Daily Devotion for March 22, 2012
Our Father, who art in heaven, hallowed be thy name. Thy kingdom come; Thy will be done, on earth as it is in heaven. Give us this day our daily bread, and forgive us our trespasses, as we forgive those who trespass against us. And lead us not into temptation, but deliver us from evil.
For Thine is the kingdom, and the power, and the glory, forever and ever.
A call to Christ's service by the great Mormon Tabernacle Choir.
Prayer for the Morning
Heavenly Father, I thank you this morning for all that I have. Even if I have problems with my health, I am alive today. If I have money problems, I will eat today. I have clothes to wear, a roof to protect me, and air to breathe.
Let me never take for granted these gifts of life, oh Lord, but always remember that they come from you; without you, no man could make the sun shine or the tree bear its fruit. I pray to live this day in joy and thankfulness for what I have, remembering always who made me and who keeps me. In the name of Christ I pray,
For Each of Us in Our Work
Almighty God, heavenly Father, who makes it possible for me to work and gives every creature its food, declaring your glory and showing your handiwork in the heavens and in the earth; Deliver me, I pray, in my work, from coveting material goods, from falling into the temptation of serving mammon and putting money in the forefront of my life. Help me to perform the work which you have put at my hand, in truth, in beauty, and in righteousness, with singleness of heart as your servant, and to the benefit of my fellow men as well as myself; for the sake of your Son, Jesus Christ our Lord, who lived and died only to serve us.
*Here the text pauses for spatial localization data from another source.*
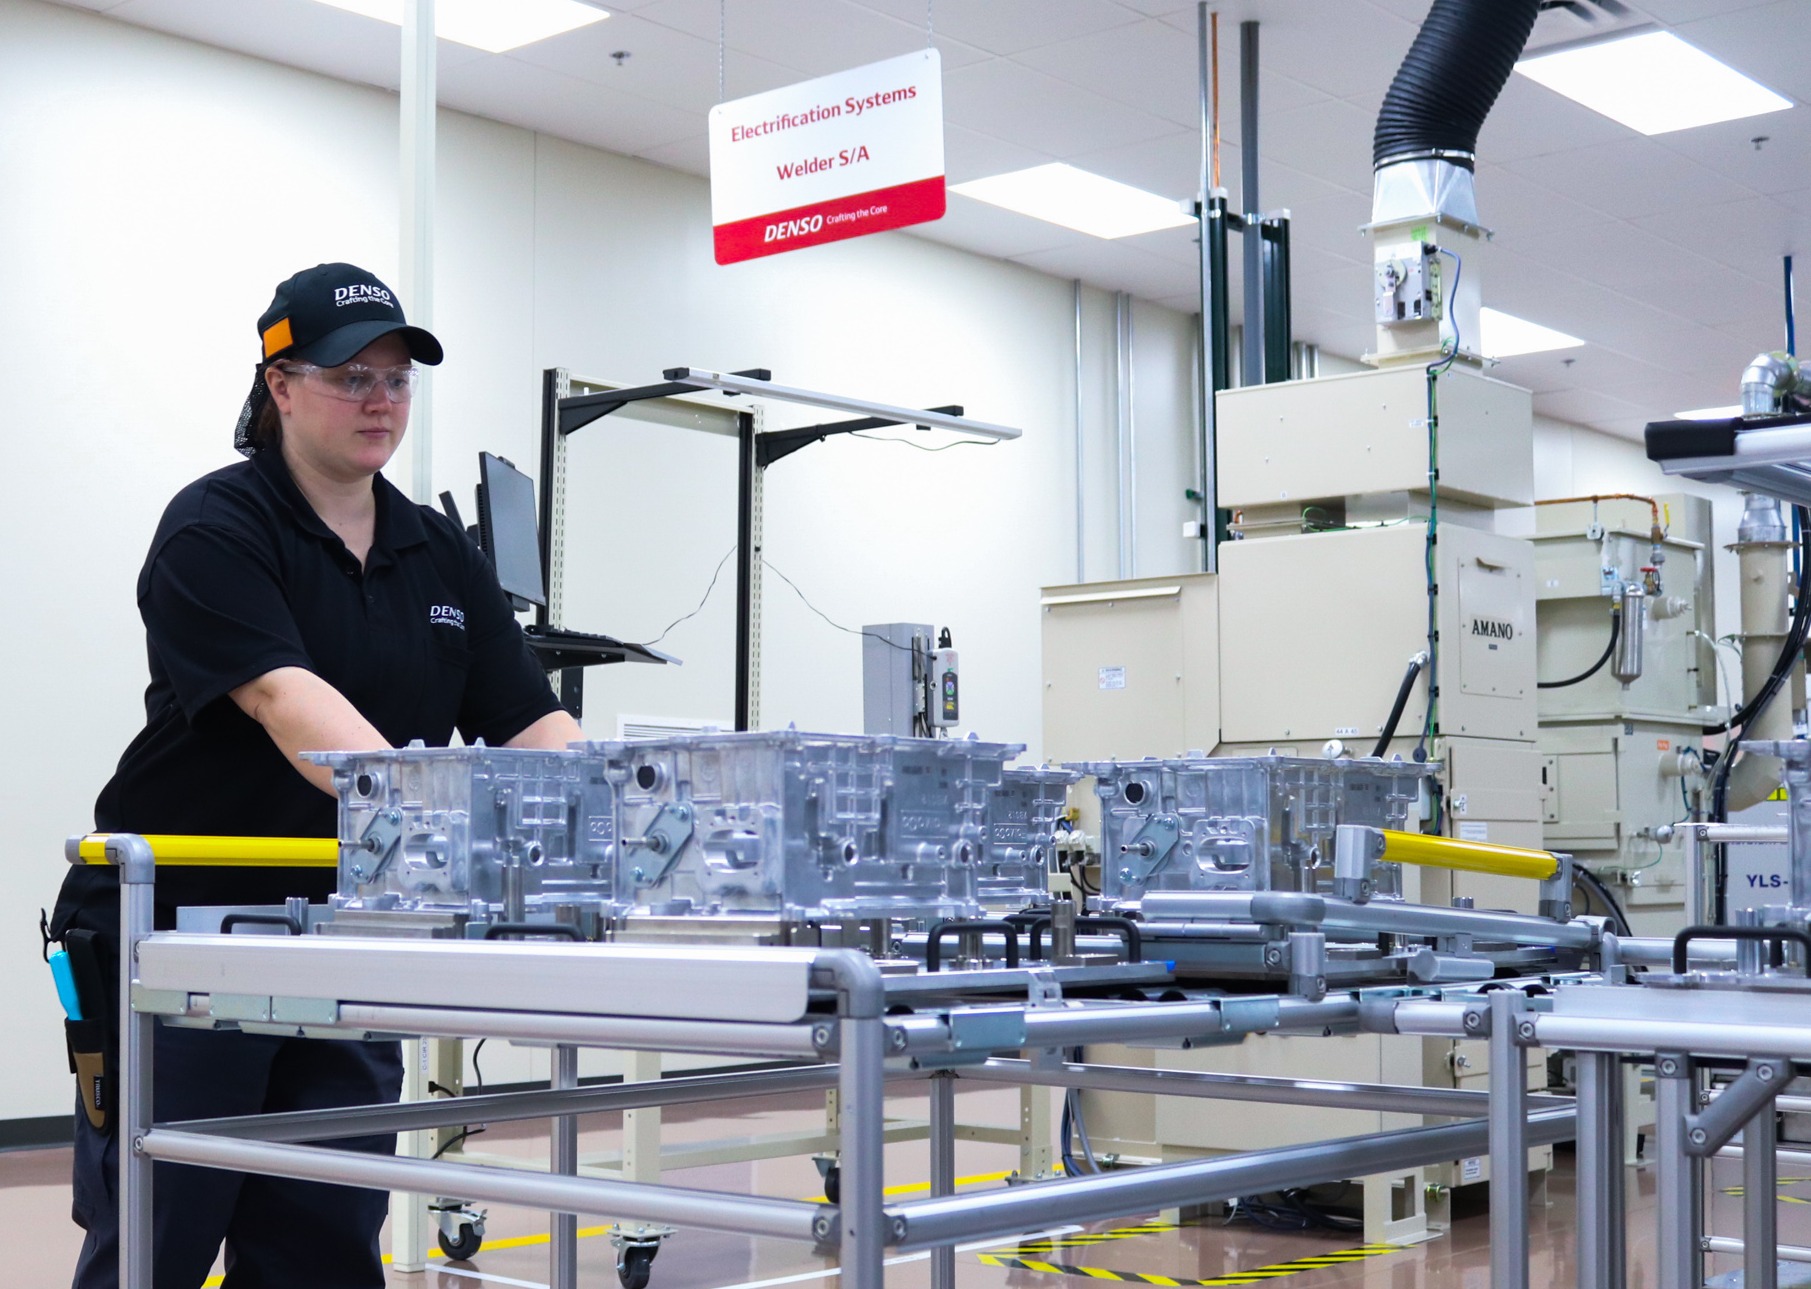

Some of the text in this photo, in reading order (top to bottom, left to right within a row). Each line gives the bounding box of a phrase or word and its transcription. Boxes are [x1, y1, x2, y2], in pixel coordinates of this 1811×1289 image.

[731, 85, 917, 143] Electrification Systems
[776, 145, 870, 181] Welder S/A
[763, 205, 888, 243] DENSO Crafting the Core
[334, 284, 391, 301] DENSO
[336, 295, 369, 307] Crafting
[429, 605, 465, 623] DENSO
[1471, 619, 1514, 641] AMANO
Now the God of patience and consolation grant us to be likeminded one toward another according to Christ Jesus: That we may with one mind and one mouth glorify God, even the Father of our Lord Jesus Christ.
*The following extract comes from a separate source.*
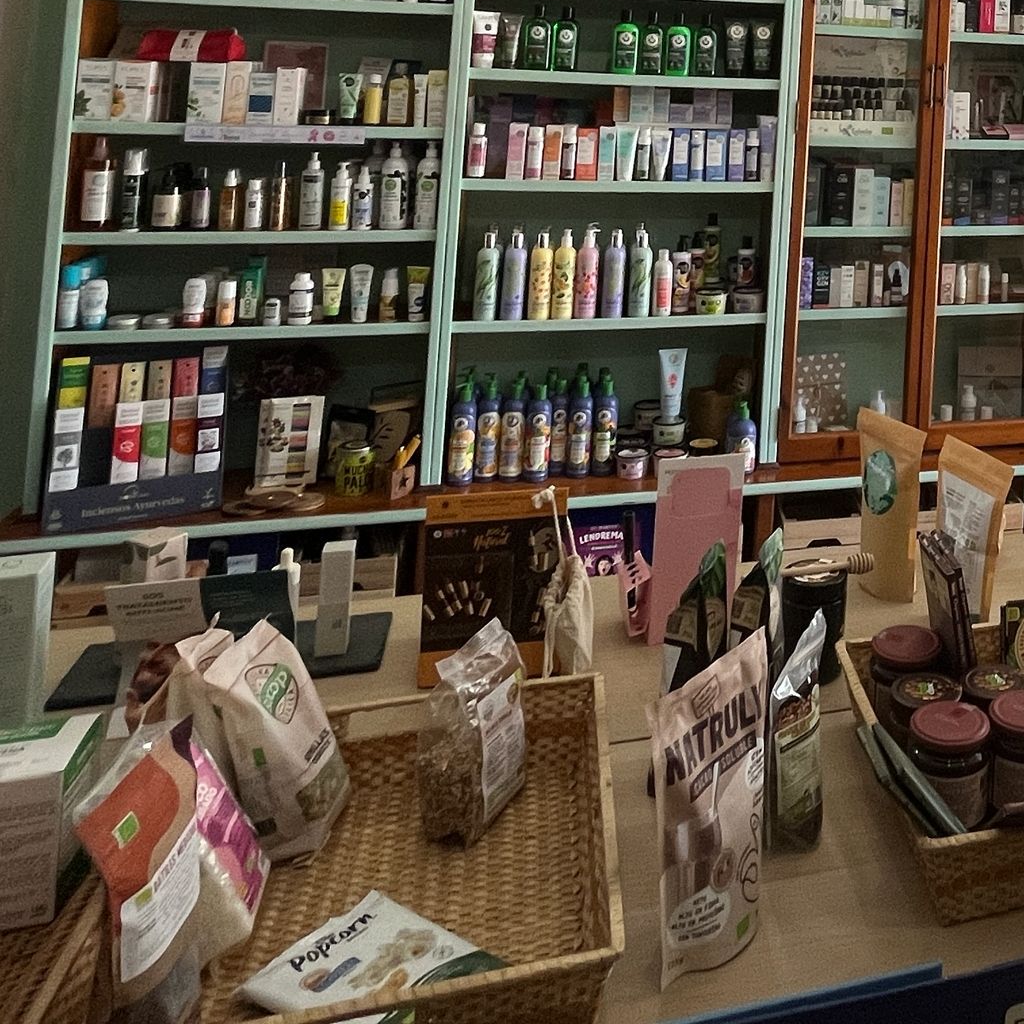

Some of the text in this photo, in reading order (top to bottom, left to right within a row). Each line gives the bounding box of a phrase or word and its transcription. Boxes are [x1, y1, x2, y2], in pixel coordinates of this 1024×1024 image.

[579, 531, 624, 544] LENDREMA
[664, 685, 761, 786] NATRULY
[289, 913, 374, 972] Popcorn
Think of the day ahead in terms of God with you, and visualize health, strength, guidance, purity, calm confidence, and victory as the gifts of His presence.
But his wrath is against him who causes shame.
Genesis 26:12-17 (ESV)
The Story of Isaac  - Abimelech
And Isaac sowed in that land and reaped in the same year a hundredfold. The Lord blessed him, and the man became rich, and gained more and more until he became very wealthy.
He had possessions of flocks and herds and many servants, so that the Philistines envied him. (Now the Philistines had stopped and filled with earth all the wells that his father's servants had dug in the days of Abraham his father.) And Abimelech said to Isaac, "Go away from us, for you are much mightier than we."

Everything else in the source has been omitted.